Israelis are worried: Many here viewed Obama’s last-minute equivocation as the latest evidence of a growing U.S. reluctance to engage aggressively in the Middle East, a worrisome prospect for a nation that relies heavily on its close American ties to intimidate enemies. Vladimir Putin is….Vladimir Putin: Russia dramatically escalated its denunciations of American threats to attack Syrian military targets on Saturday, with President Vladimir Putin saying it would have been “utter nonsense” for the Syrian government to use chemical weapons as the Obama administration alleges.
Republicans are agonizing between their normal hawkishness and their desire to give Obama a black eye: President Barack Obama got a chilly response from Republican lawmakers on his request for support for military action in Syria after alleged chemical attacks by Syrian President Bashar al-Assad….The list of criticisms from Republicans was wide-ranging: The president should act on his own; he doesn’t have a plan; the U.S. military is degraded; the U.S. is war-weary; Mr. Obama has been too tentative; he has leaked too much of his plans already. Presidential hopefuls are more concerned with 2016 than with the Middle East: Some Republicans may oppose the president simply because they are opposed to the president. But that does not constitute a foreign or national security policy. The Republican Party now is divided among those in the neoconservative wing who led the call for invading Iraq and who continue to argue in favor of more robust action in Syria; those in the libertarian wing who want the United States generally to stay out any conflicts; and those in the middle who see a need for U.S. leadership but are tempered by public weariness with war.

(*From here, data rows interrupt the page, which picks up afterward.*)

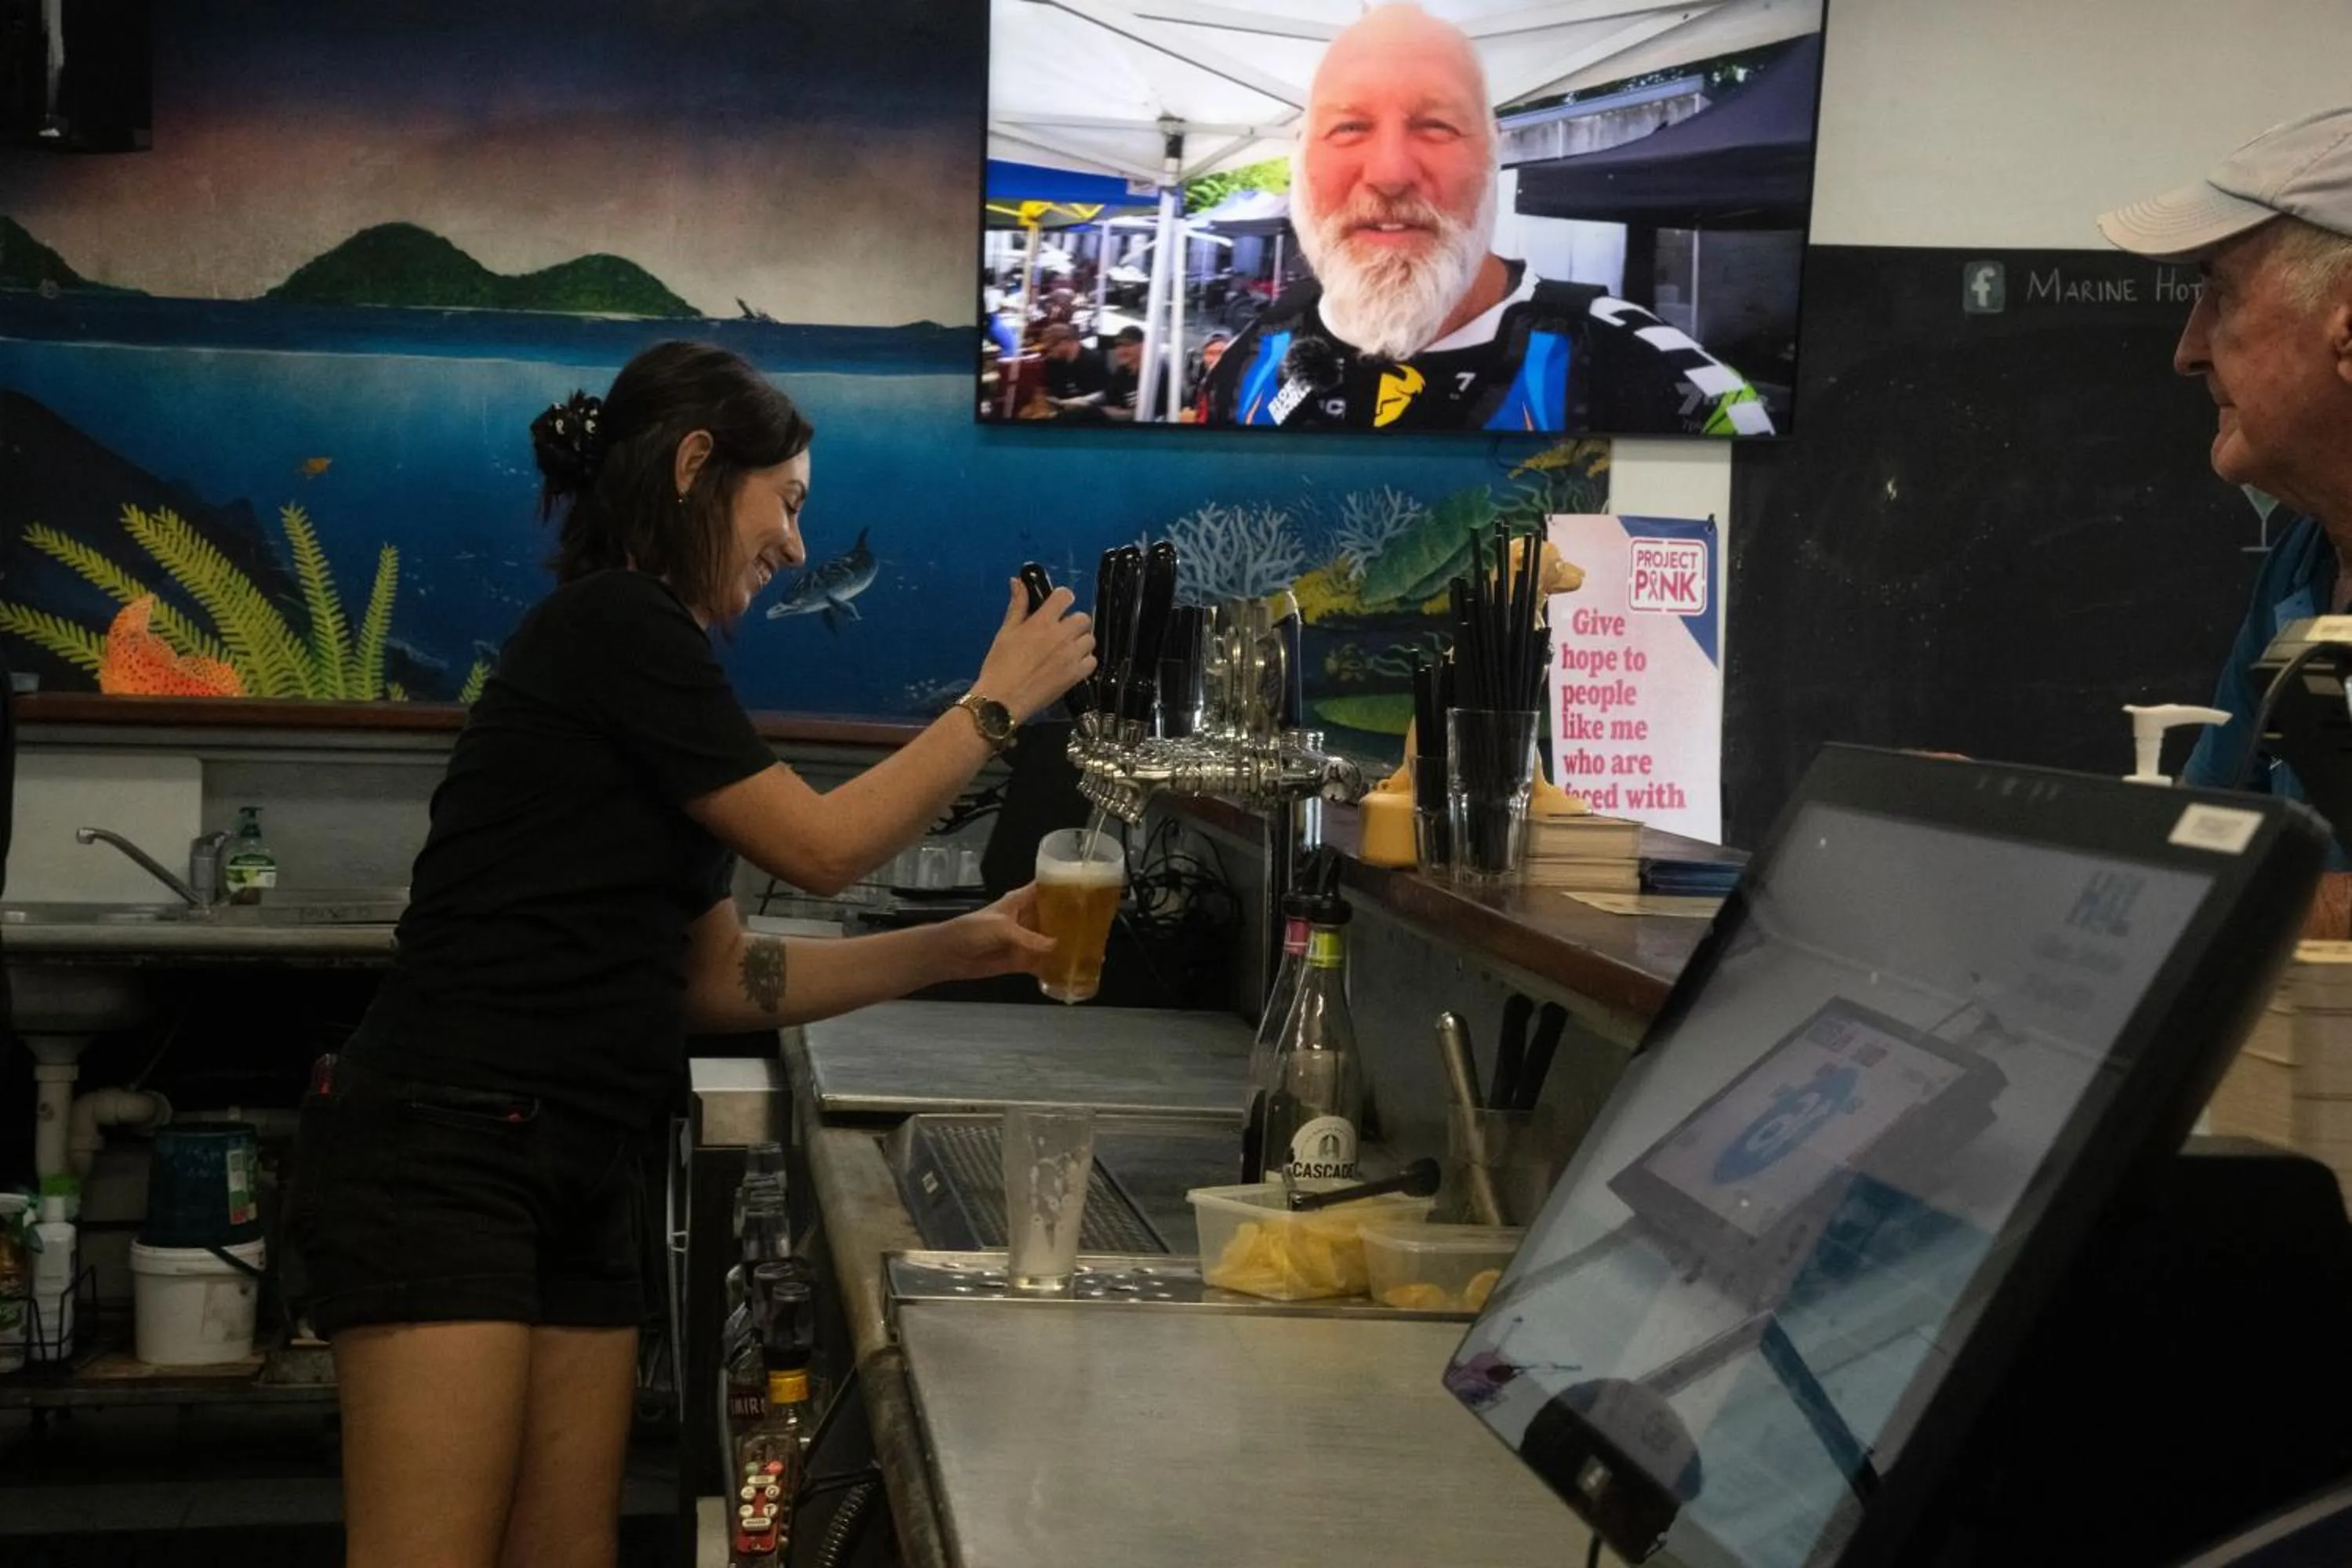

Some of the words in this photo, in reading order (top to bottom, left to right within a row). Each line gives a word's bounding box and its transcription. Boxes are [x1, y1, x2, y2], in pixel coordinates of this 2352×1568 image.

[2027, 267, 2139, 303] MARINE
[1635, 550, 1699, 569] PROJECT
[1572, 608, 1625, 637] Give
[1561, 642, 1617, 677] hope
[1624, 644, 1647, 673] to
[1561, 681, 1637, 713] people
[1561, 713, 1604, 741] like
[1610, 720, 1649, 741] me
[1562, 748, 1606, 775] who
[1611, 754, 1653, 775] are
[1624, 781, 1687, 809] with
[1293, 1161, 1356, 1179] CASCADE
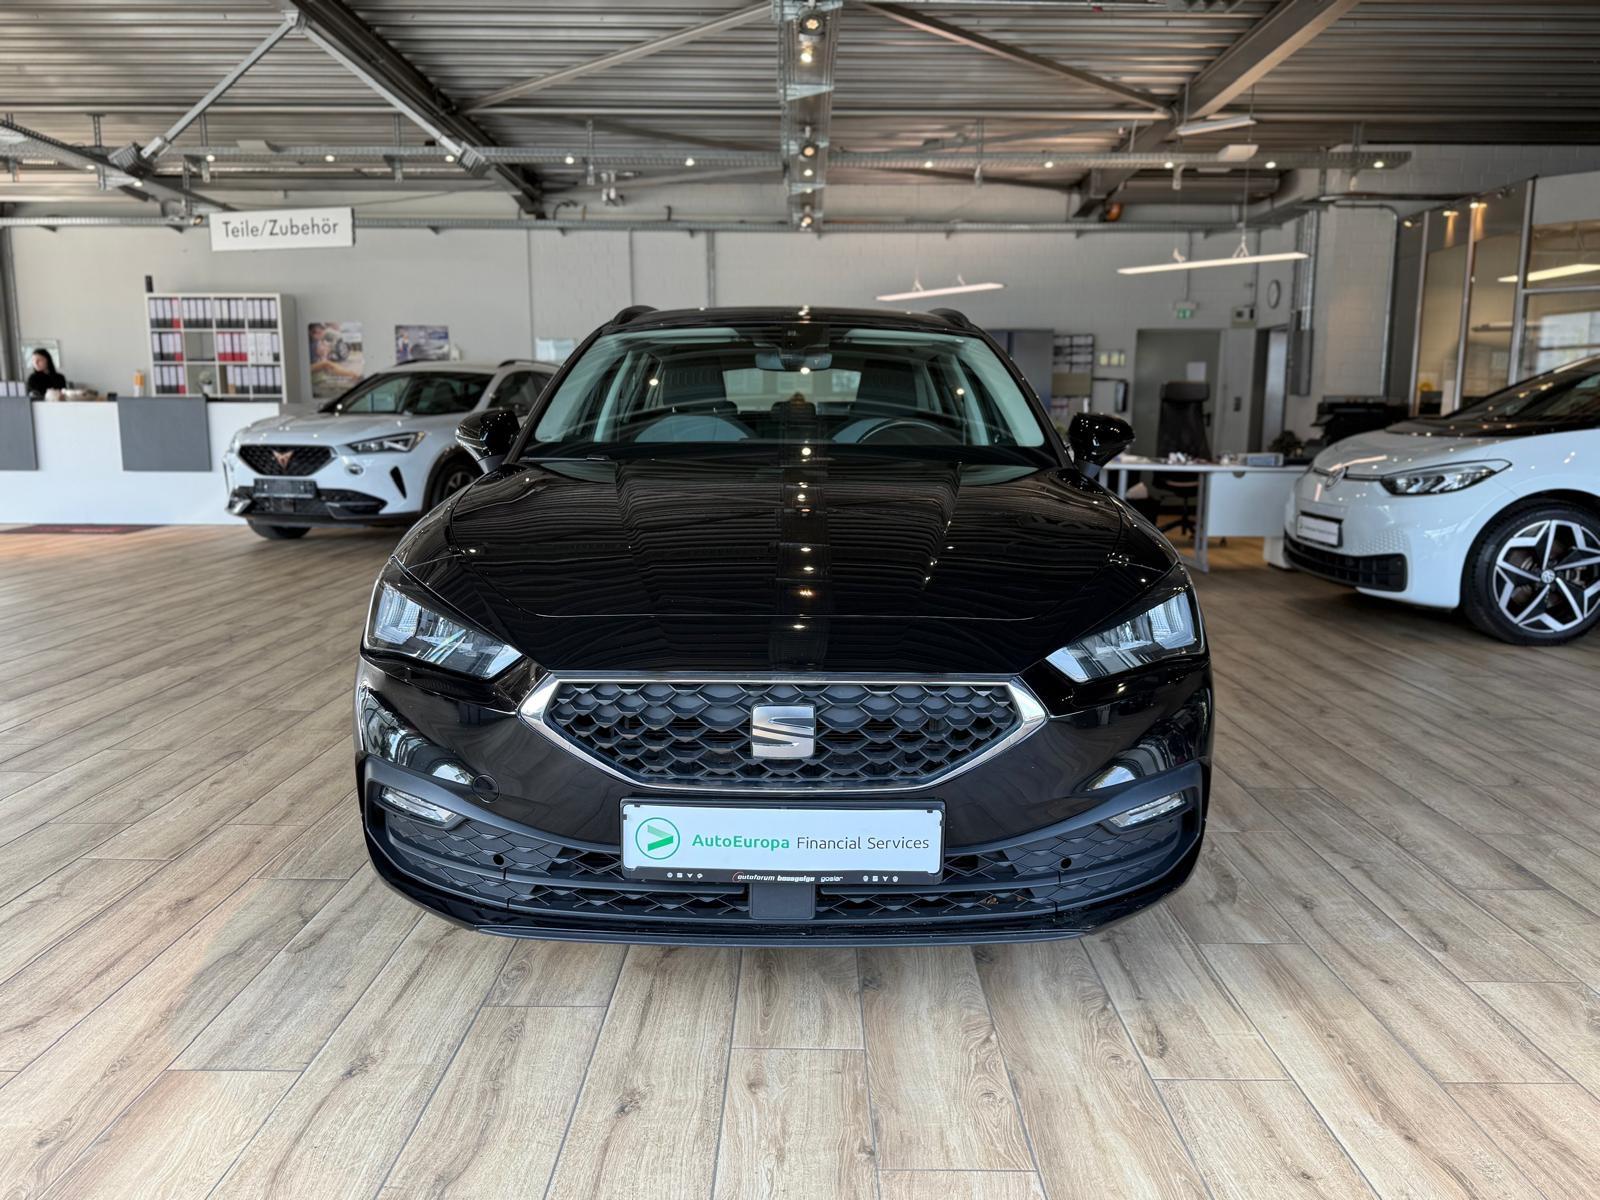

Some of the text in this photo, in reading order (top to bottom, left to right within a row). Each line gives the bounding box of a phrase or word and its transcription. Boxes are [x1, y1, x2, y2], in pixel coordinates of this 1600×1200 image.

Syrian rebels insist that Assad is now emboldened: Opposition activists said they were “deeply disappointed” with the decision. Rebel fighters also have predicted that Assad loyalists would seek to use the delay to escalate attacks on rebel strongholds. The Saudis want America to remain the region’s policeman: Saudi Foreign Minister Saud al Faisal indirectly acknowledged Sunday that the Arab world remained reliant on the U.S. as the region’s policeman of last resort against transgressions by fellow Arab states, as well as the Arab world’s top tier of protection against Iran. “There is no capacity in the Arab world to respond to this kind of crisis,” Prince Saud said, speaking of Syria. But not everyone in the Arab world agrees: However, some influential members of the league, including Egypt, Iraq, Lebanon, Tunisia and Algeria, have expressed opposition to foreign military intervention.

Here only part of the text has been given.